Stock-based Compensation
The Company has not adopted a stock option plan and has not granted any stock options. Common stock has been granted to numerous third parties for services (see Note 6).
Share Based Expenses
In December 2004, the Financial Accounting Standards Board (“FASB”) issued ASC 718 "Compensation - Stock Compensation" and 505-50 “Equity-Based Payments to Non-Employees.” This statement requires a public entity to expense the cost of employee services received in exchange for an award of equity instruments. This statement also provides guidance on valuing and expensing these awards, as well as disclosure requirements of these equity arrangements. The Company adopted ASC 718 and 505-50 upon creation of the company and expenses share based costs in the period incurred.
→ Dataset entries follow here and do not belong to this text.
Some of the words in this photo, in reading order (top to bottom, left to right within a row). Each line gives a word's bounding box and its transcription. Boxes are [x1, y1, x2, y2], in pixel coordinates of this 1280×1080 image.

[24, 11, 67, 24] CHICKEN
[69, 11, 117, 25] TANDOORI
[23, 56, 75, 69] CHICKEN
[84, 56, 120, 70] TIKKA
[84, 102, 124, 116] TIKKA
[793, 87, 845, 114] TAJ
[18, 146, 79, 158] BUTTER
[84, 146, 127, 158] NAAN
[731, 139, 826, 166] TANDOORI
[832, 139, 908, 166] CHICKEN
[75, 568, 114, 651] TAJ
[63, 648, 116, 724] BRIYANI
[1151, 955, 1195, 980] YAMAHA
Accounting for Oil and Gas Properties
The Company utilizes the full cost method to account for its investment in oil and gas properties. Accordingly, all costs associated with acquisition, exploration and development of oil and gas reserves, including such costs as leasehold acquisition costs, professional fees incurred for the lease acquisitions, capitalized interest costs relating to properties, geological expenditures, and tangible and intangible development costs (including direct internal costs), are capitalized into the full cost pool. When the Company commences production from established proven oil and gas reserves, capitalized costs, including estimated future costs to develop the reserves and estimated abandonment costs, will be depleted on the units-of-production method using estimates of proven reserves. Investments in unproved properties and major development projects, including capitalized interest if any, are not depleted until proven reserves associated with the projects can be determined. If the future exploration of unproven properties is determined to be uneconomical, the amount of such properties is added to the capital costs to be depleted. As of January 31, 2014, the Company's oil and gas properties consisted of capitalized acquisition cost for unproved mineral rights.
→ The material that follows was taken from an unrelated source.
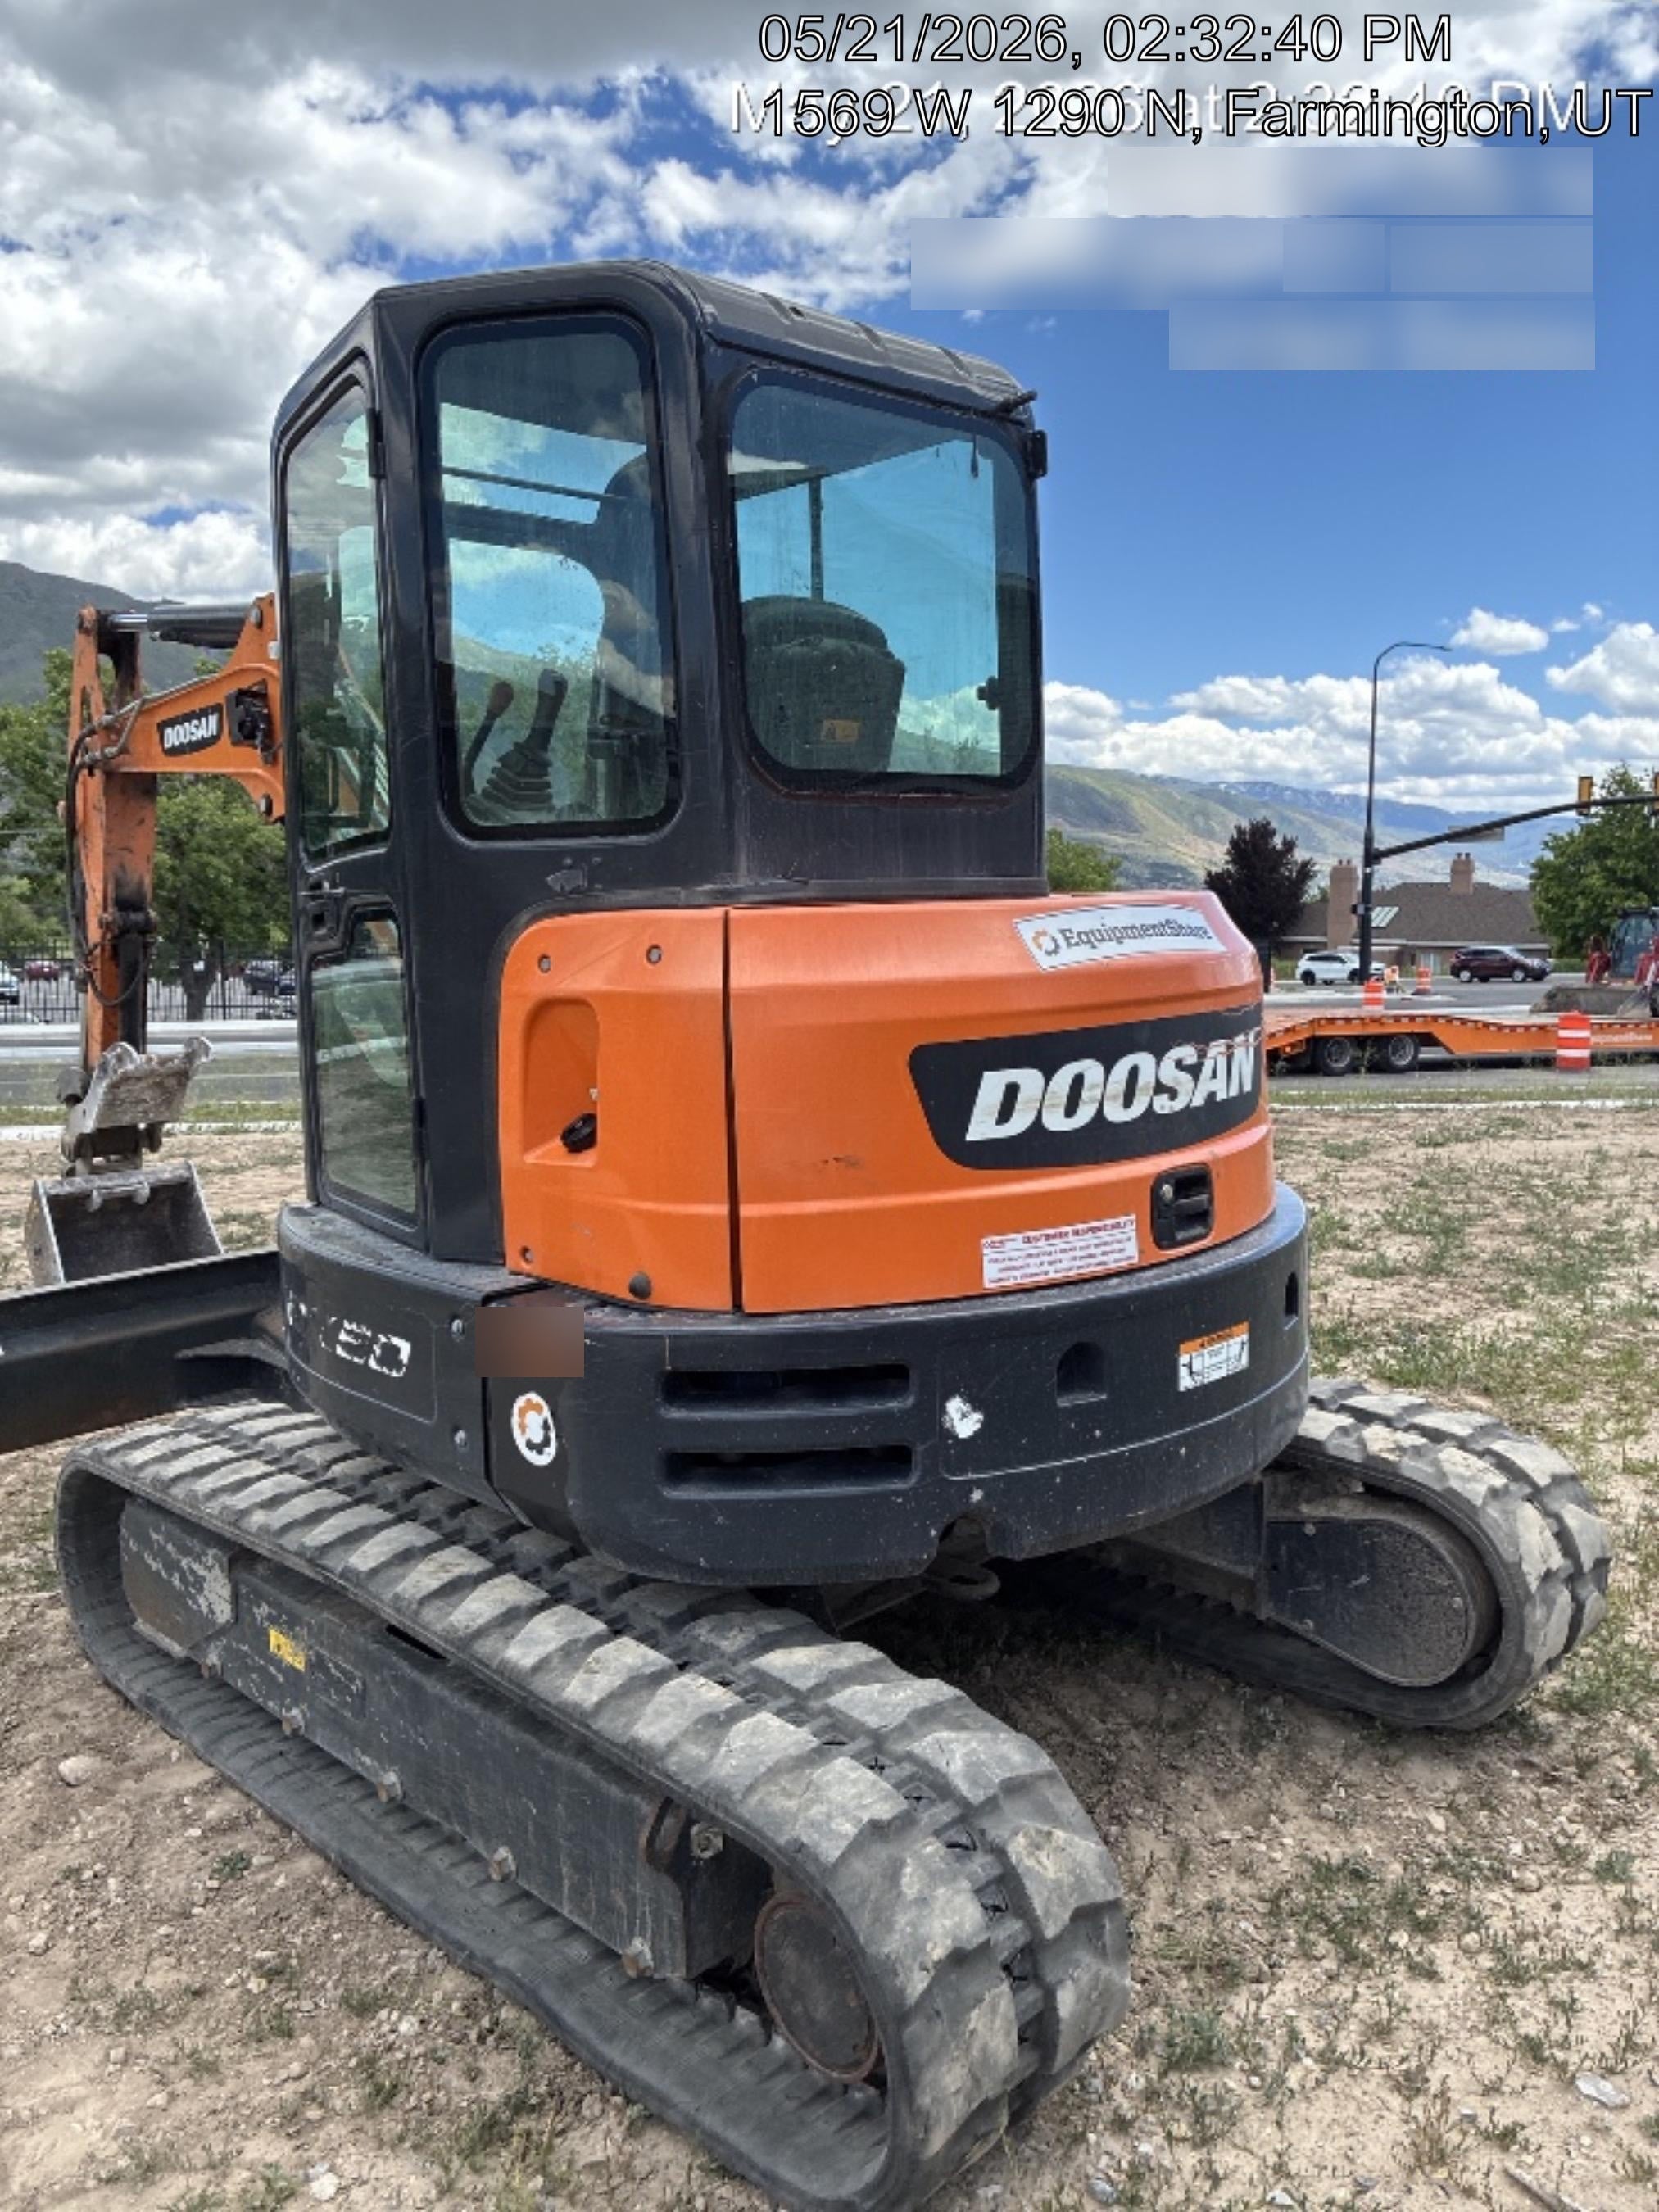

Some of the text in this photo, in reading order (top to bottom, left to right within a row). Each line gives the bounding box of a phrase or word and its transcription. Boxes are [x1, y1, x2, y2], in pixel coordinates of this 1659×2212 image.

[163, 714, 220, 749] DOOSAN
[1058, 918, 1208, 949] EquipmentShare
[965, 1027, 1261, 1142] DOOSAN
Recent Accounting Pronouncements
Management does not anticipate that the recently issued but not yet effective accounting pronouncements will materially impact the Company’s financial condition.
NOTE 3 – GOING CONCERN
The Company’s financial statements are prepared in accordance with generally accepted accounting principles applicable to a going concern. This contemplates the realization of assets and the liquidation of liabilities in the normal course of business. Currently, the Company does not have sufficient cash, nor does it have operations or a source of revenue sufficient to cover its operation costs and allow it to continue as a going concern. The Company has accumulated losses since Inception (March 15, 2010) through January 31, 2014, of $4,326,949. The Company will be dependent upon the raising of additional capital through placement of our common and/or preferred stock in order to implement its business plan, or merge with an operating company. There can be no assurance that the Company will be successful in either situation in order to continue as a going concern. The Company is funding its initial operations by way of issuing common shares. As of January 31, 2014, the Company had issued 137,480,004 at prices ranging from $0.003 to $0.05 per share, for net funds to the Company of $1,664,500. These factors raise substantial doubt regarding the Company’s ability to continue as a going concern. These financial statements do not include any adjustments relating to the recoverability and classification of recorded asset amounts, or amounts and classification of liabilities that might result from this uncertainty.
F-6
NOTE 4 – OIL & GAS PROPERTY
On January 22, 2014, the Company entered into a contract for sale with the owner of mineral interests in 86.69 acres in Lavaca County, Texas (the “Acreage”) pursuant to which the Company acquired a 37.5% interest in the Acreage’s mineral rights, including the oil and gas rights (the “Acquired Interest”). In exchange for the Acquired Interest, the Company paid the seller $270,000 in cash and issued the seller 2,000,000 shares of the Company’s common stock, valued at $100,000.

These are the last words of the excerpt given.